Le 4 avril, Marie-Agnès Labarre (Front de Gauche), sénatrice de l’Essonne (Ile de France), a présenté au Sénat un projet de loi destiné à supprimer le Concordat en Alsace-Lorraine. Dans cette proposition de loi-cadre « relative à la promotion de la laïcité et la clarification des règles de son application concrète», Mme Labarre propose de dénoncer le concordat de 1801 (pour les catholiques), d’y abroger les articles organiques du XIXème siècle (pour les protestants et les juifs) et d’y faire disparaître les cours de religion hérités de la loi Falloux.

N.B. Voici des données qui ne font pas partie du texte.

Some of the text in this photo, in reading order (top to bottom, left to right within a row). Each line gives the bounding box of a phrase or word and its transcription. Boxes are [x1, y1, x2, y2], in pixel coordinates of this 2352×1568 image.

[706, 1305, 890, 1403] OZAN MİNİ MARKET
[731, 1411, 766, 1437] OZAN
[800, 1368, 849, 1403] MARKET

La proposition de Mme Labarre – rédigée sous couvert de M. Mélanchon – est une attaque virulente contre le peuple alsacien, très fortement attaché aux dispositions Concordataire. Faut-il rappeler que le Concordat en Alsace-Lorraine est un modèle de coexistence pacifique des religions et bénéficie d’un très large consensus de la population ? Faut-il rappeler que le Concordat et le Droit local, sont les derniers pans de notre autonomie régionale qui nous a été arrachée par l’Etat français après 1918 au nom de la « République une et indivisible » ?

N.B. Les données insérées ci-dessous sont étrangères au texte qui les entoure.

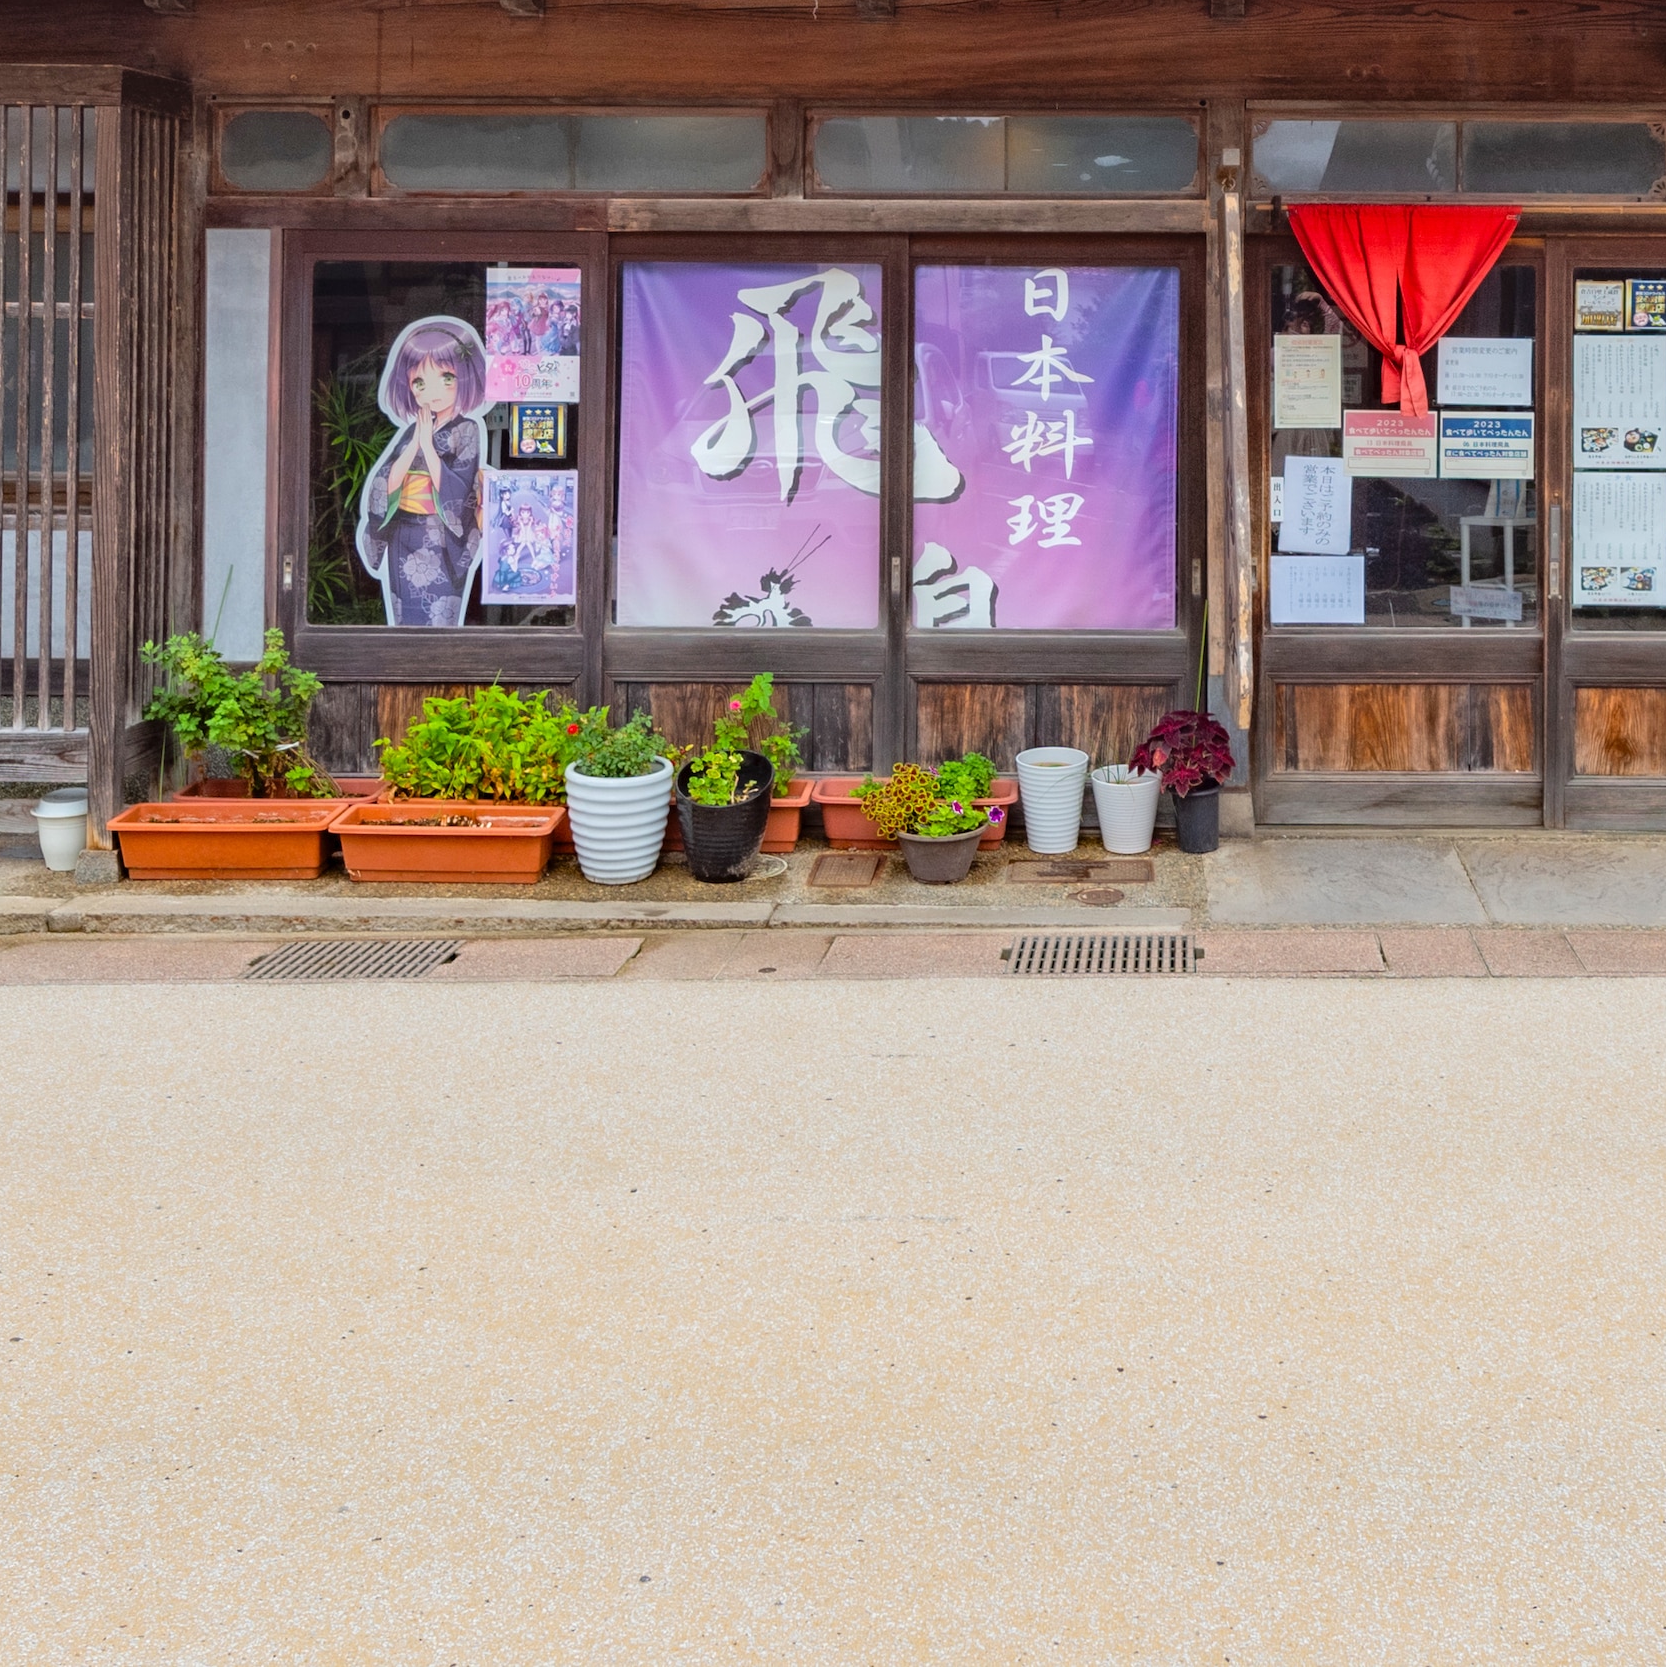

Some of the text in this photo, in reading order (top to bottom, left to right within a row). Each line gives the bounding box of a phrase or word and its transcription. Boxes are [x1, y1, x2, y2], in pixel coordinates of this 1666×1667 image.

[514, 374, 553, 390] 10周年
[1002, 267, 1094, 548] 日本料理
[1376, 419, 1404, 427] 2023
[1473, 420, 1502, 428] 2023
[1273, 482, 1282, 517] 出入口
[1299, 464, 1318, 535] 営業でございます
[1315, 465, 1336, 546] 本日はご予約のみの

Cela nous amène à nous poser cette question : au nom de quel principe une sénatrice de la région parisienne a-t-elle le droit d’émettre des propositions de loi concernant les spécificités de l’Alsace-Lorraine ?

Cet épisode rappelle que l’Alsace vit avec une épée de Damoclès au-dessus d’elle. Les spécificités alsaciennes ne tiennent qu’à un fil et il suffirait d’un mouvement d’humeur du Sénat ou de l’Assemblée nationale française pour les réduire à néant.

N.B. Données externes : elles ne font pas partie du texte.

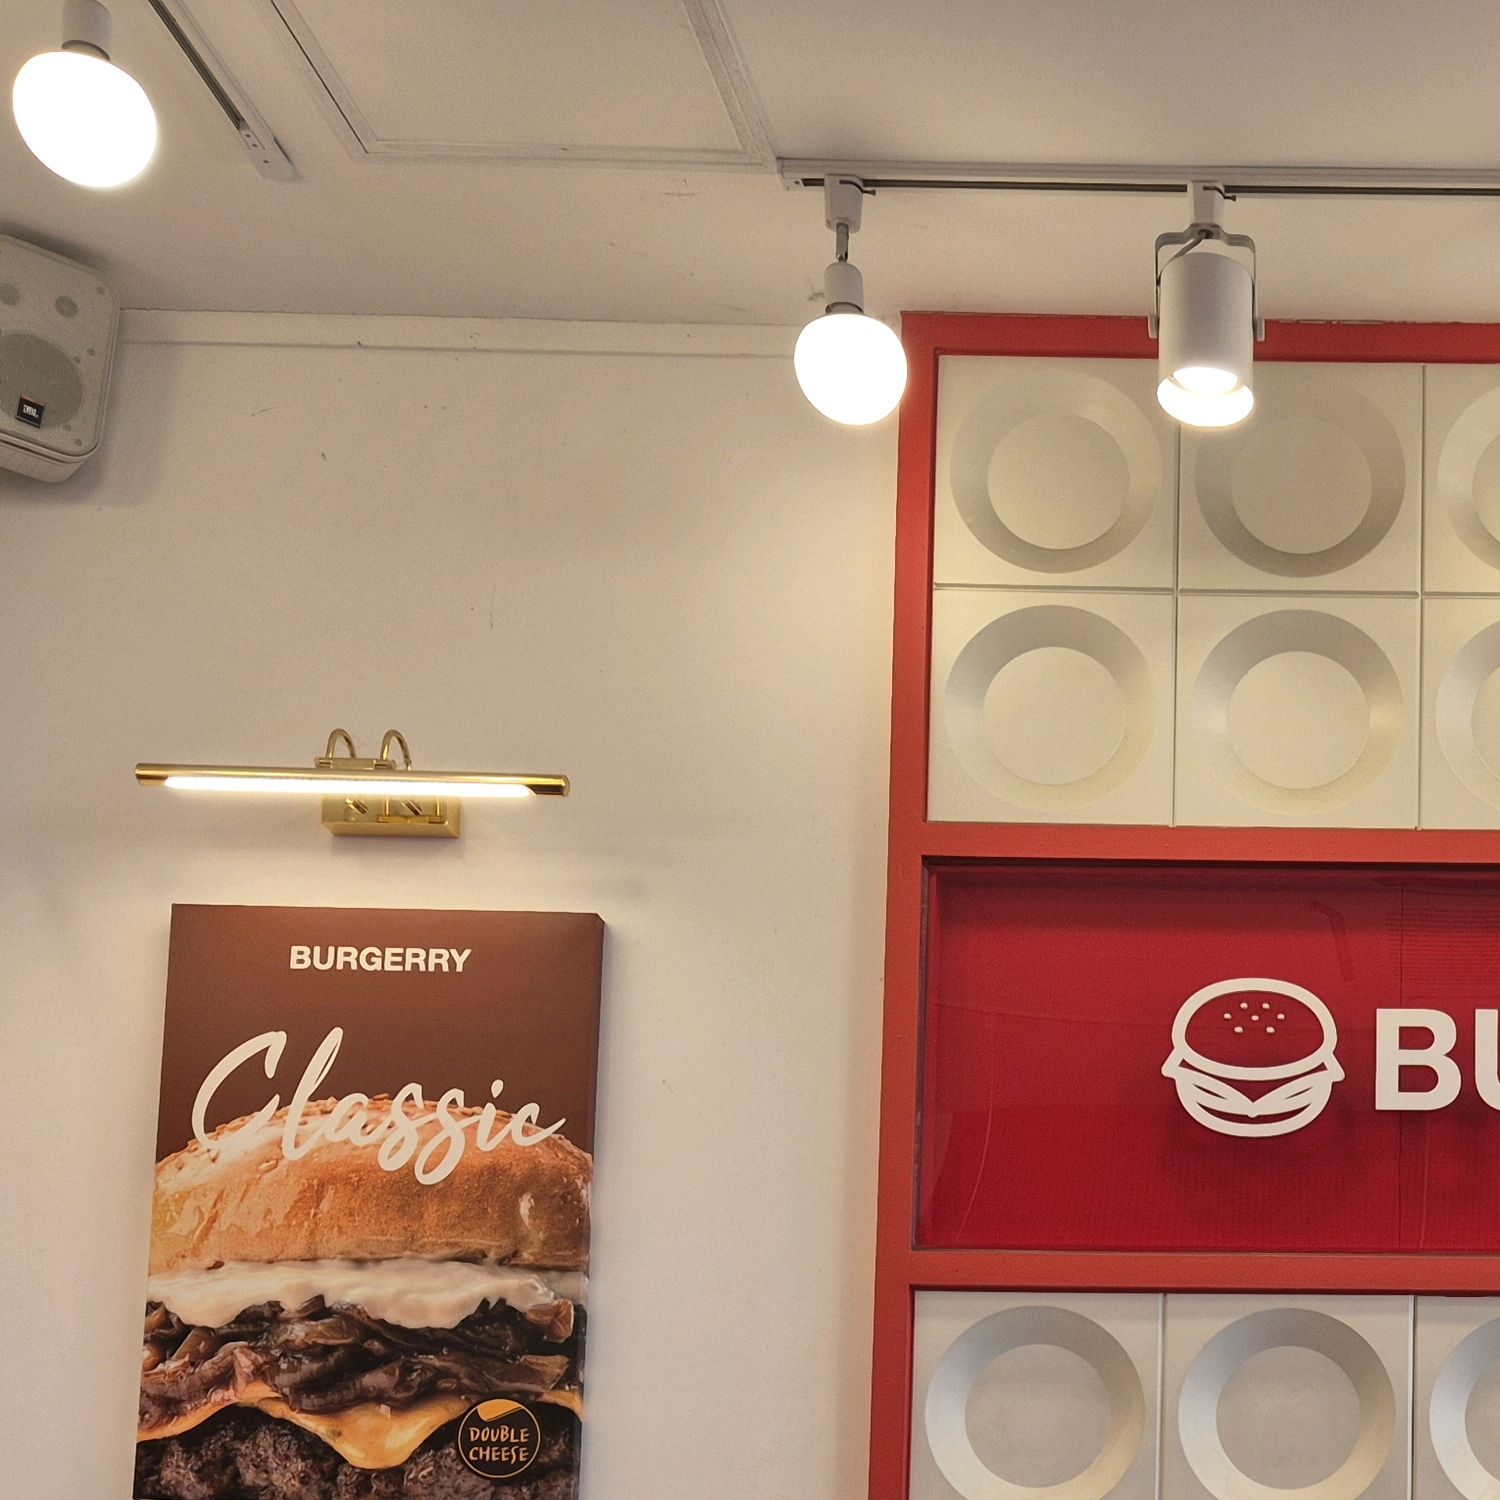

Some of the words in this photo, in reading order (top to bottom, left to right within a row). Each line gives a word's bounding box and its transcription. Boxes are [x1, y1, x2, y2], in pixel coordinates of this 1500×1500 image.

[289, 945, 472, 972] BURGERRY
[191, 1027, 567, 1185] Classic
[469, 1425, 530, 1442] DOUBLE
[469, 1445, 529, 1464] CHEESE

Unser Land rappelle que, tant que l’Alsace ne bénéficiera pas d’un statut d’autonomie lui permettant de pérenniser et de développer son droit local, elle sera exposée sans défense aux attaques des jacobins de tous bords.

Aussi Unser Land réclame la fusion immédiate des collectivités alsaciennes et l’octroi d’un statut particulier pour L’Alsace.